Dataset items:

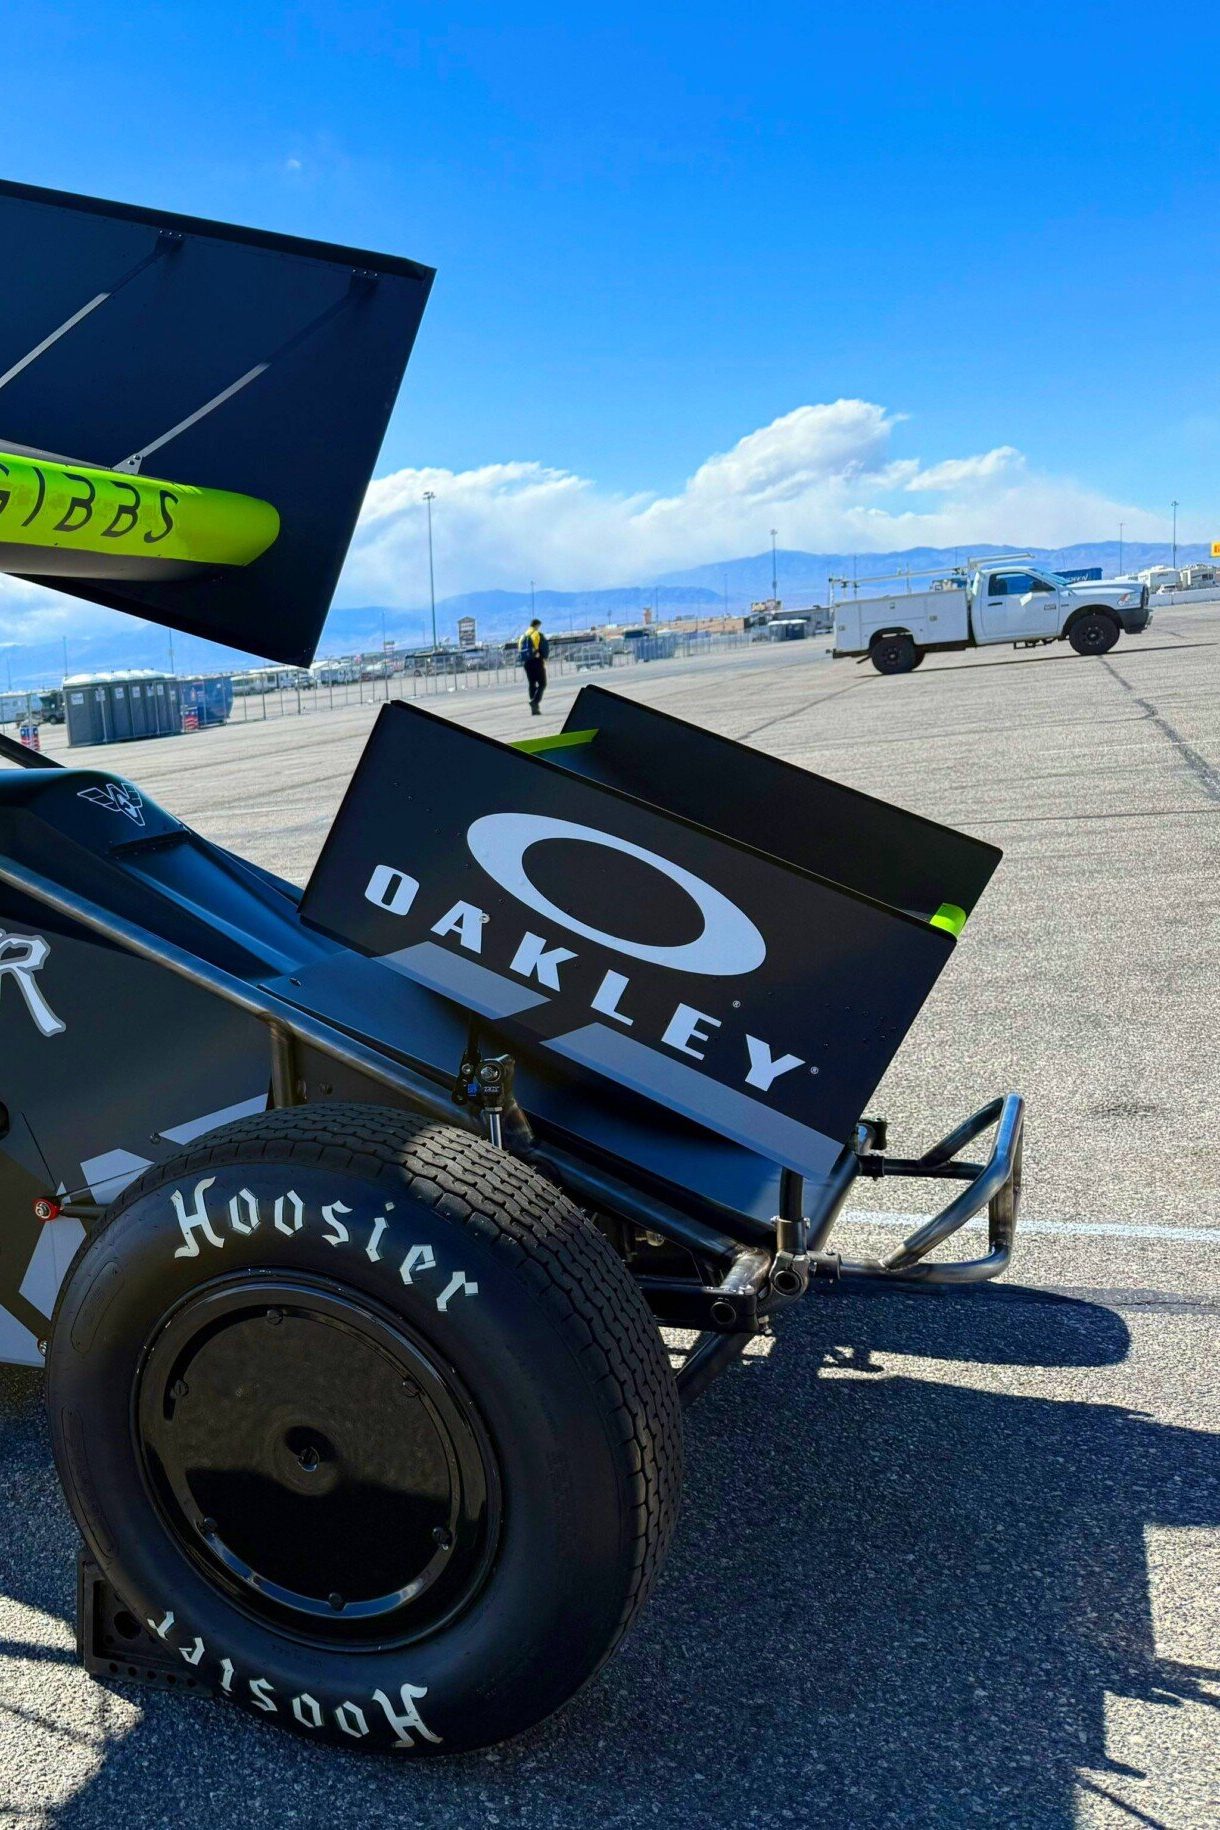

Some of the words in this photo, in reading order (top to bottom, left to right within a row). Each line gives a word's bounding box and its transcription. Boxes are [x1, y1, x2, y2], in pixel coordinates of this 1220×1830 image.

[365, 864, 806, 1093] OAKLEY
[170, 1176, 479, 1312] Hoosier
[146, 1610, 444, 1748] Hoosier
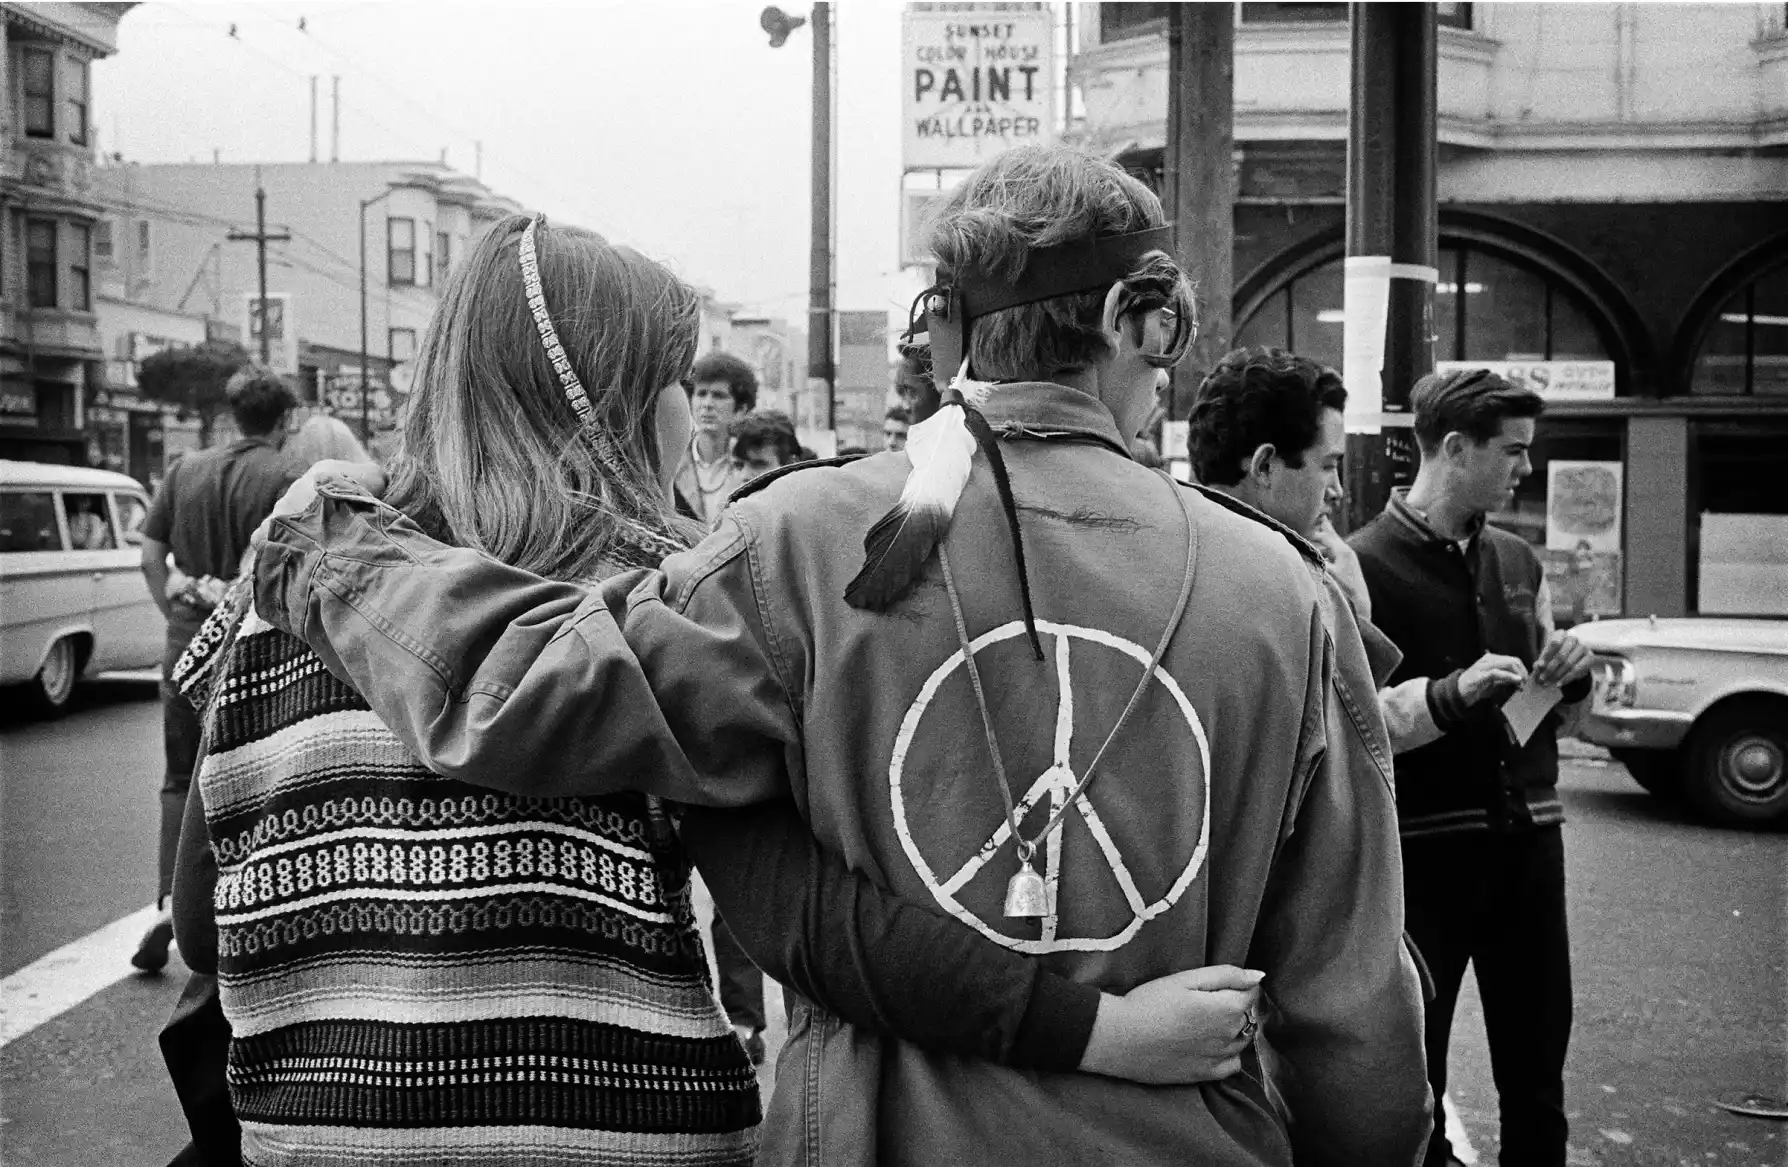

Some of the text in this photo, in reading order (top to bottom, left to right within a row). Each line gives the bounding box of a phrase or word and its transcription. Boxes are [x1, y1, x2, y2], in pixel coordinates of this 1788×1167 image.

[946, 24, 1013, 38] SUNSET
[915, 66, 1038, 101] PAINT
[917, 117, 1039, 137] WALLPAPER

_Assignment_
With images excluded, write the records above out again exactly.

_Output of the exercise_
Some of the words in this photo, in reading order (top to bottom, left to right within a row). Each line gives a word's bounding box and its transcription. Boxes are [x1, y1, x2, y2], in pixel coordinates of this 1220×1830 image.

[365, 864, 806, 1093] OAKLEY
[170, 1176, 479, 1312] Hoosier
[146, 1610, 444, 1748] Hoosier

Some of the text in this photo, in reading order (top to bottom, left to right within a row). Each line gives the bounding box of a phrase or word and its transcription. Boxes are [x1, y1, x2, y2], in pixel coordinates of this 1788×1167 image.

[946, 24, 1013, 38] SUNSET
[915, 66, 1038, 101] PAINT
[917, 117, 1039, 137] WALLPAPER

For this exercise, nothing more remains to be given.